Available records START
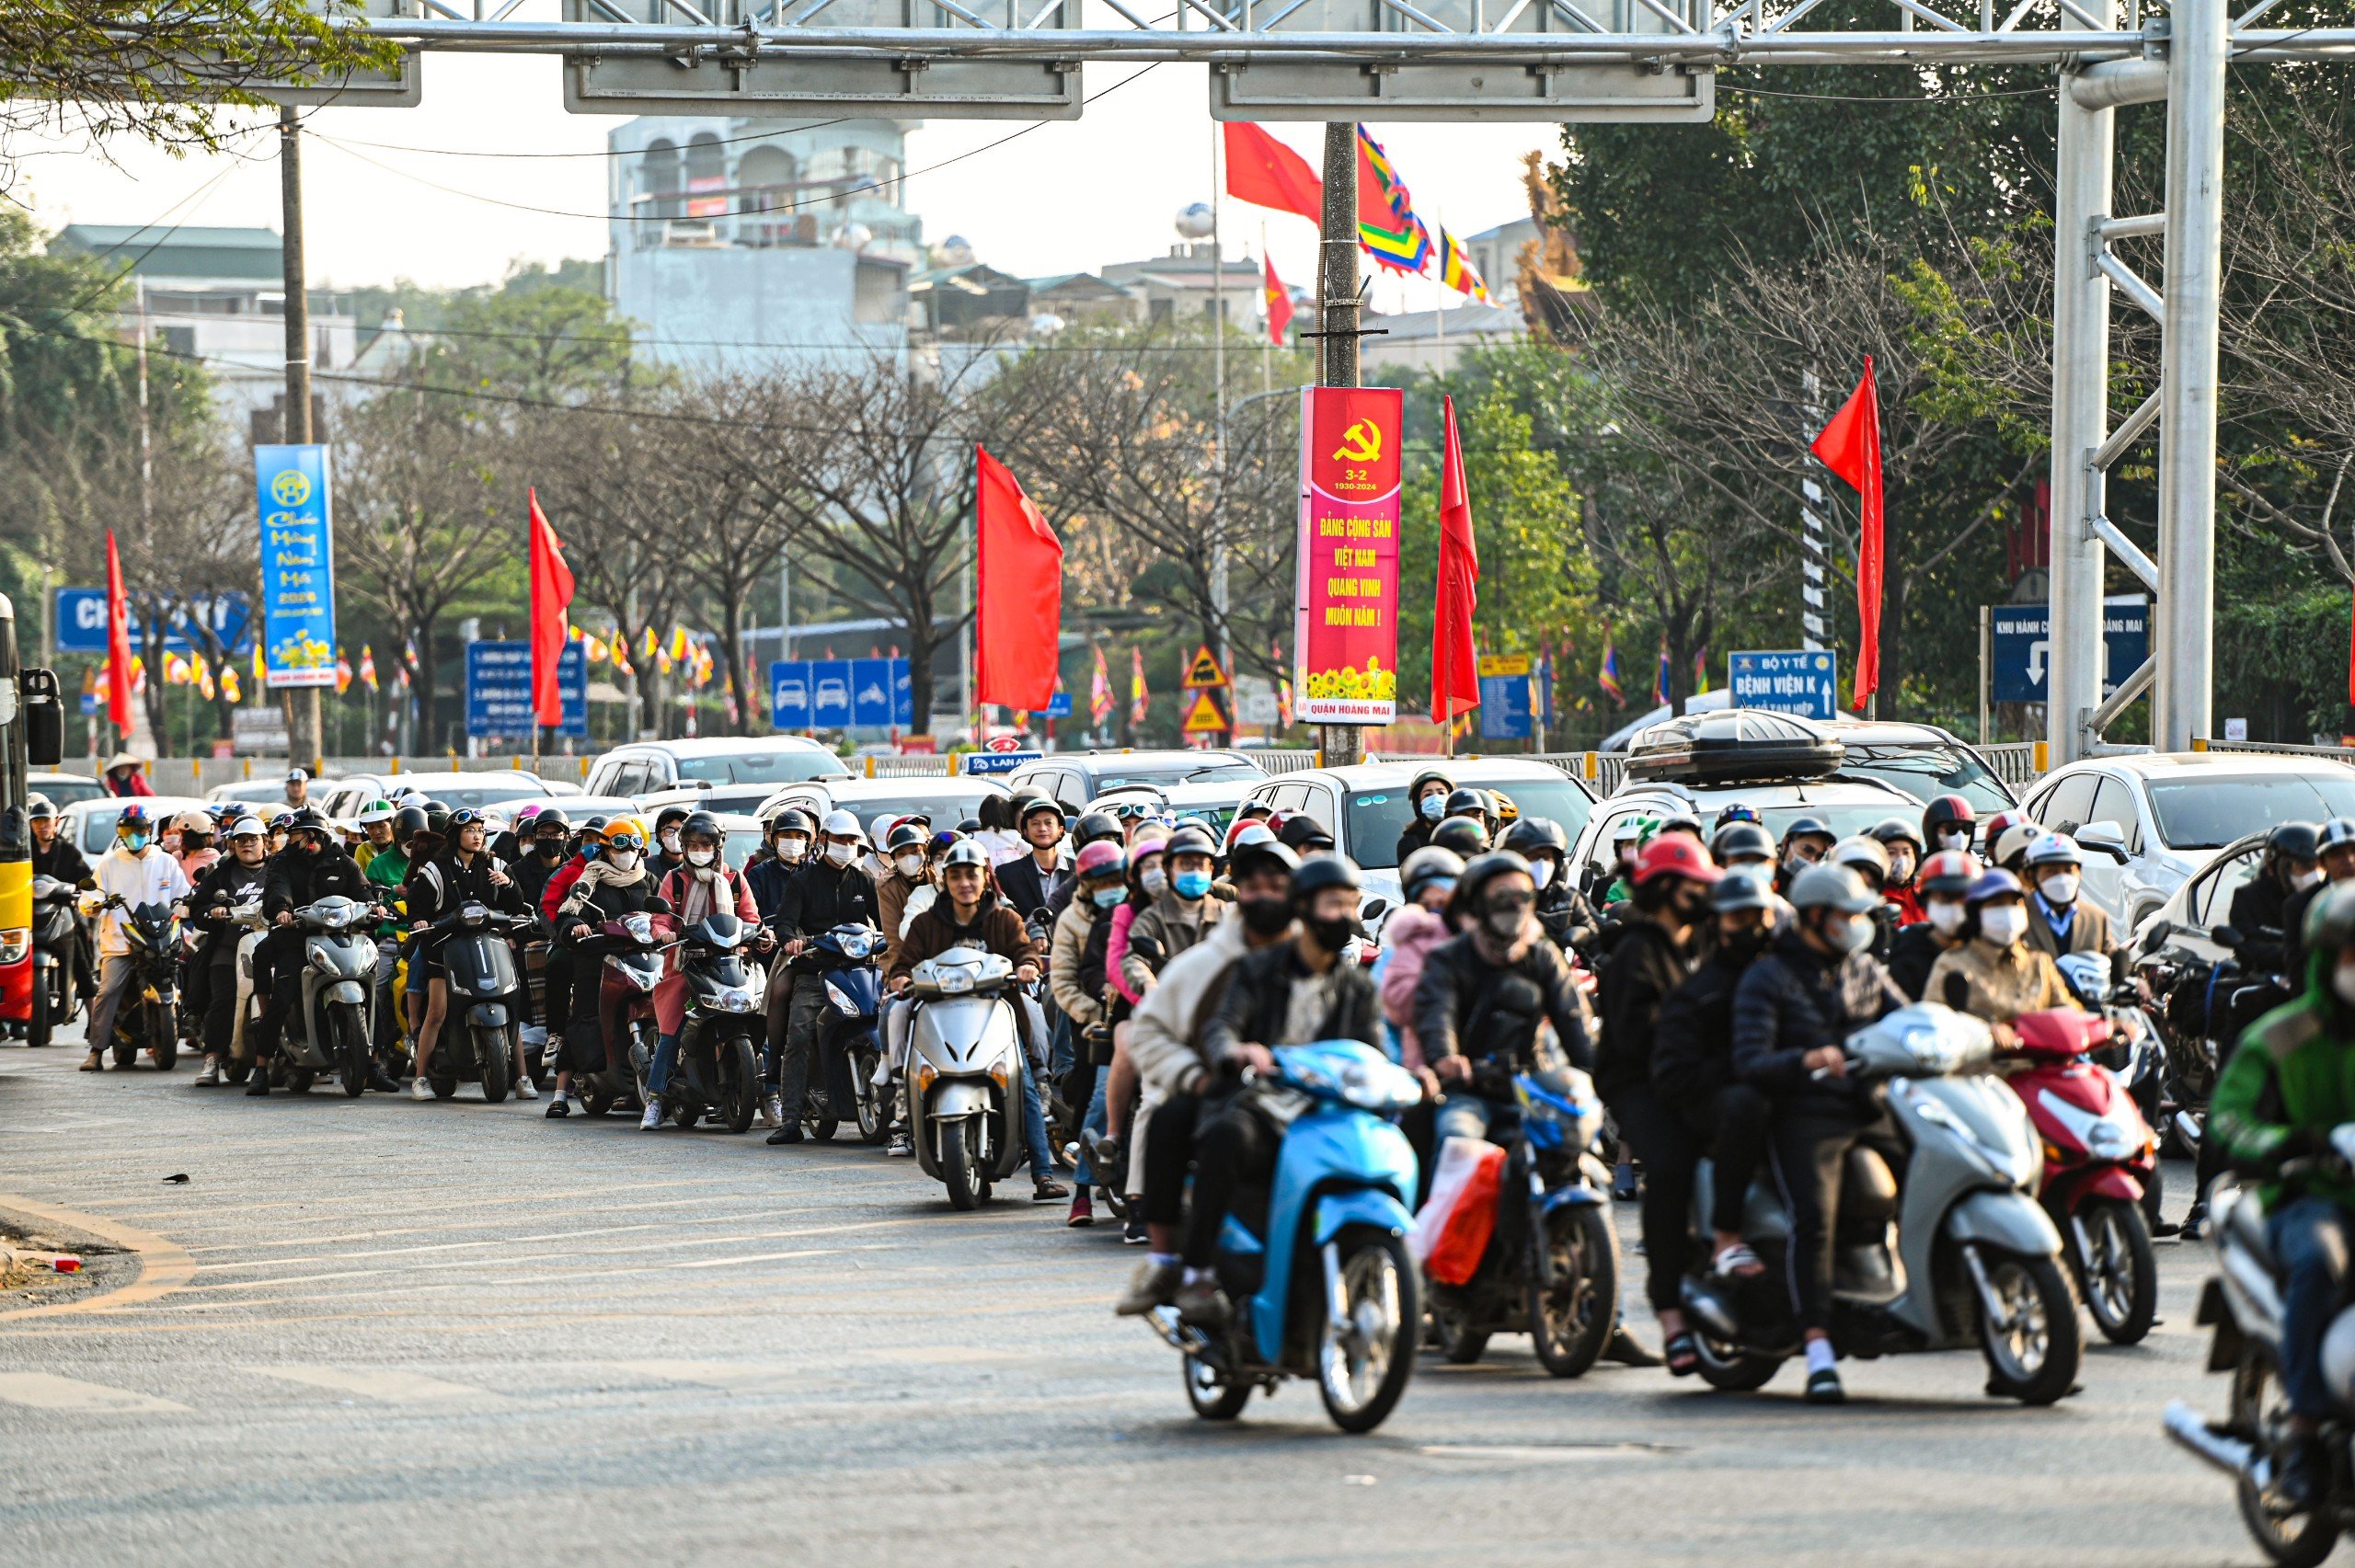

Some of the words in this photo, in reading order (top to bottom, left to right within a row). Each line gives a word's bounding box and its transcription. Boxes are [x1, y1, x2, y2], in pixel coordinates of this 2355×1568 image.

[1345, 469, 1367, 481] 3-2
[1320, 510, 1344, 537] ĐẢNG
[1346, 515, 1371, 541] CỘNG
[1373, 512, 1392, 538] SẢN
[1335, 544, 1353, 570] VIỆT
[1355, 549, 1376, 567] NAM
[1327, 578, 1358, 598] QUANG
[1360, 578, 1381, 597] VINH
[1325, 603, 1352, 626] MUÔN
[1354, 604, 1375, 626] NĂM
[1996, 621, 2015, 634] KHU
[2016, 618, 2039, 634] HÀNH
[2103, 617, 2124, 633] ÀNG
[2125, 619, 2142, 633] MAI
[1762, 655, 1780, 671] BỘ
[1782, 658, 1790, 670] Y
[1792, 654, 1809, 670] TẾ
[1736, 673, 1771, 698] BỆNH
[1774, 673, 1804, 698] VIỆN
[1806, 676, 1816, 693] K
[1311, 704, 1336, 715] QUẬN
[1338, 704, 1370, 715] HOÀNG
[1373, 706, 1390, 715] MAI
[992, 759, 1015, 767] LAN
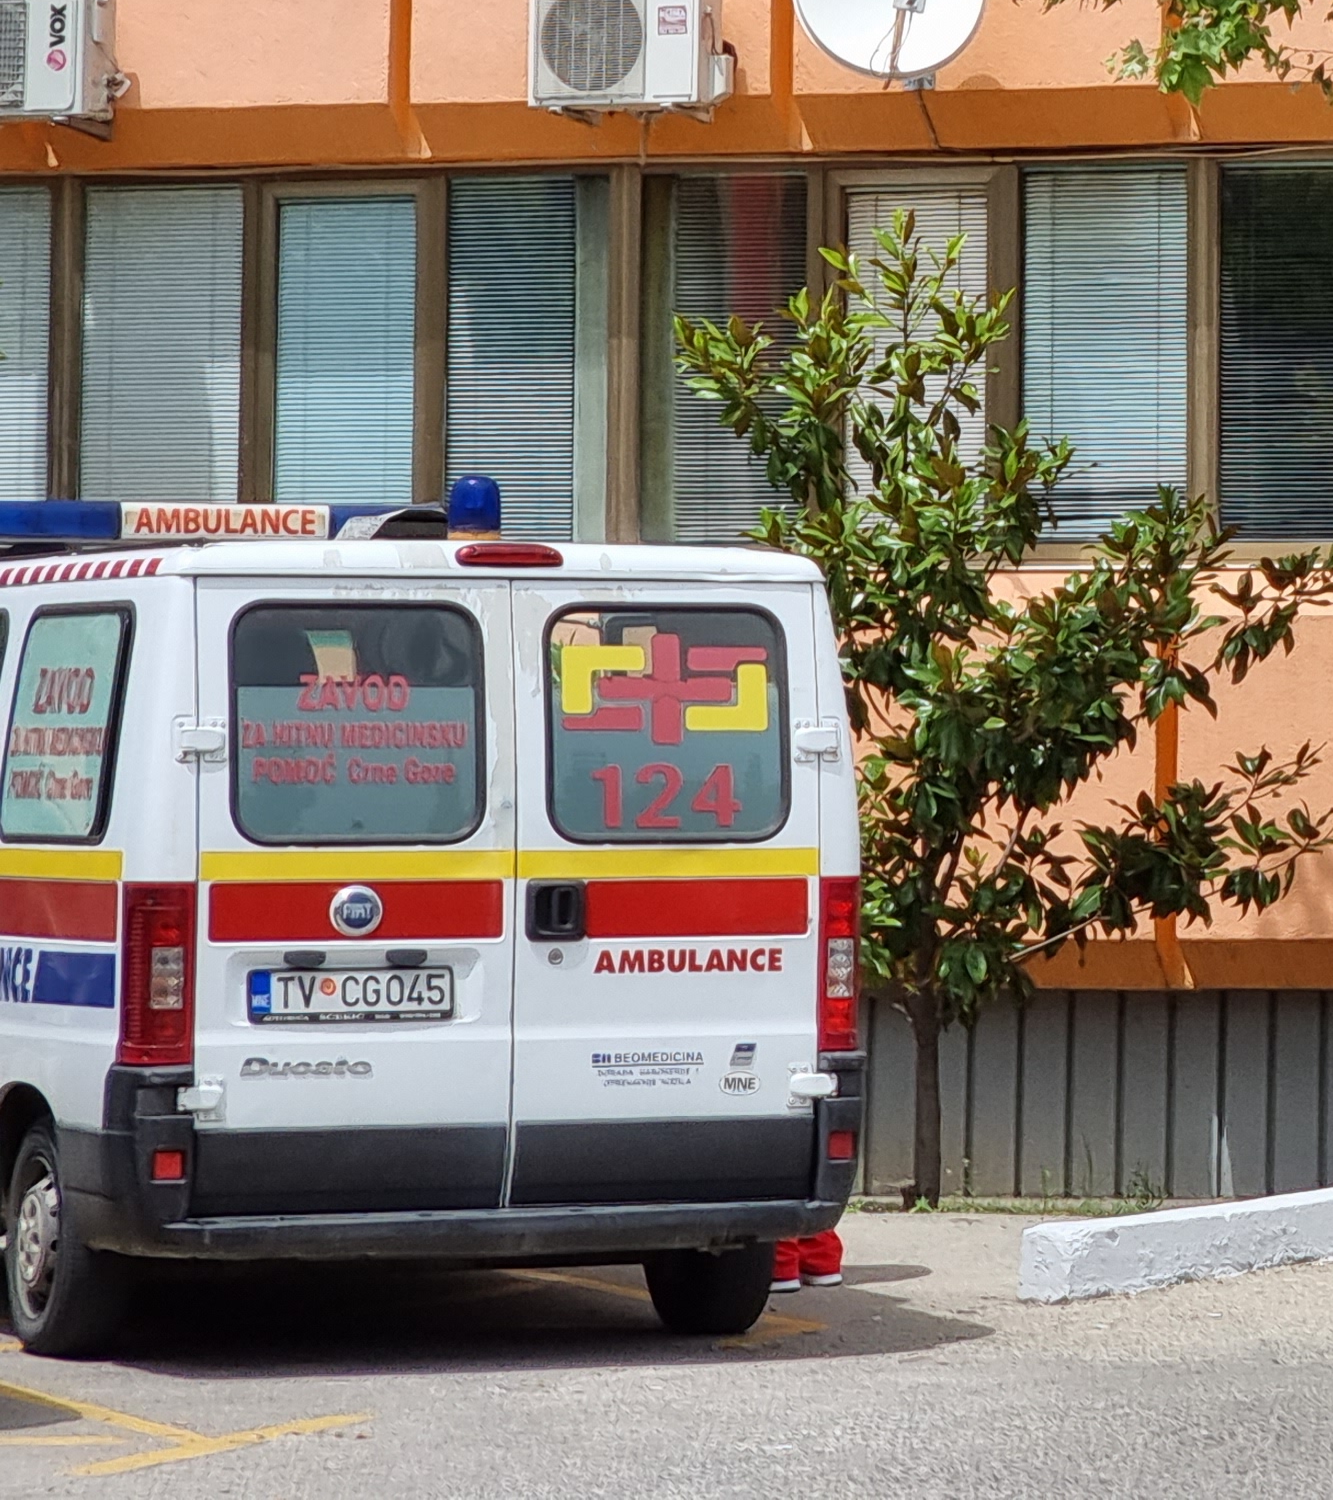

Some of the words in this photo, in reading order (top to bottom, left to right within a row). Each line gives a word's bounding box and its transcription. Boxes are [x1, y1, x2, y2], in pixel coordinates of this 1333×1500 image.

[49, 3, 67, 49] VOX
[134, 507, 316, 535] AMBULANCE
[297, 671, 410, 712] ZAVOD
[591, 762, 742, 828] 124
[594, 948, 783, 974] AMBULANCE
[276, 975, 316, 1009] TV
[340, 973, 446, 1007] CG045
[240, 1056, 373, 1080] Ducato
[614, 1051, 704, 1063] BEOMEDICINA
[724, 1077, 756, 1090] MNE
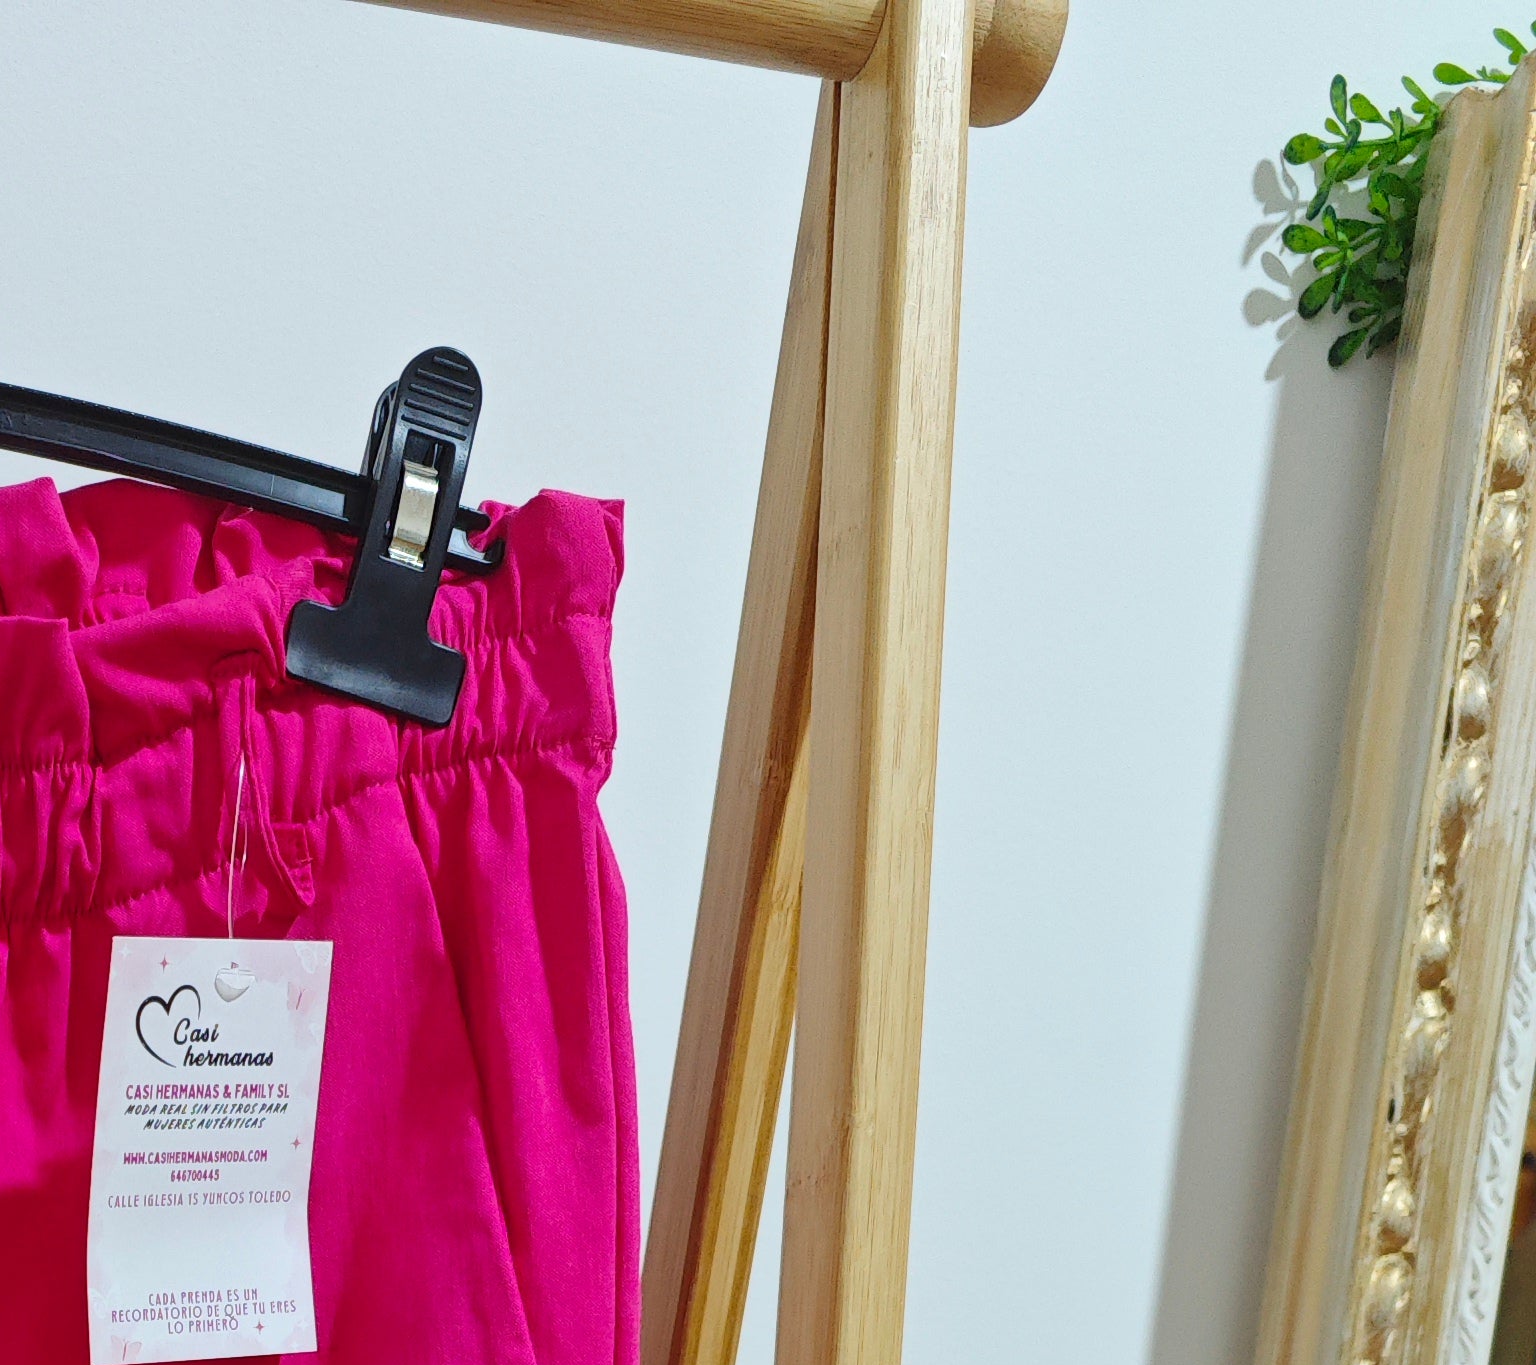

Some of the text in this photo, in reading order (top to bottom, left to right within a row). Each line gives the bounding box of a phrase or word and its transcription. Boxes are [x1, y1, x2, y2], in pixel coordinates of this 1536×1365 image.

[173, 1018, 219, 1045] Casi
[183, 1045, 274, 1067] hermanas
[126, 1084, 290, 1100] CASI HERMANAS & FAMILY SL
[124, 1103, 288, 1115] MODA REAL SIN FILTROS PARA
[143, 1116, 266, 1130] MUJERES AUTÉNTICAS
[123, 1150, 268, 1165] WWW.CASIHERMANASMODA.COM
[108, 1190, 291, 1208] CALLE IGLESIA 15 YUNCOS TOLEDO
[149, 1288, 258, 1306] CADA PRENDA ES UN
[111, 1300, 296, 1323] RECORDATORIO DE QUE TU ERES
[168, 1318, 239, 1335] LO PRIMERO
Available records END
**Exercise requirements:**
Everything from the line containing "Some of the text" through the final line above must be copied exactly, with both ends kept.

**Output below:**
Some of the text in this photo, in reading order (top to bottom, left to right within a row). Each line gives the bounding box of a phrase or word and its transcription. Boxes are [x1, y1, x2, y2], in pixel coordinates of this 1536×1365 image.

[173, 1018, 219, 1045] Casi
[183, 1045, 274, 1067] hermanas
[126, 1084, 290, 1100] CASI HERMANAS & FAMILY SL
[124, 1103, 288, 1115] MODA REAL SIN FILTROS PARA
[143, 1116, 266, 1130] MUJERES AUTÉNTICAS
[123, 1150, 268, 1165] WWW.CASIHERMANASMODA.COM
[108, 1190, 291, 1208] CALLE IGLESIA 15 YUNCOS TOLEDO
[149, 1288, 258, 1306] CADA PRENDA ES UN
[111, 1300, 296, 1323] RECORDATORIO DE QUE TU ERES
[168, 1318, 239, 1335] LO PRIMERO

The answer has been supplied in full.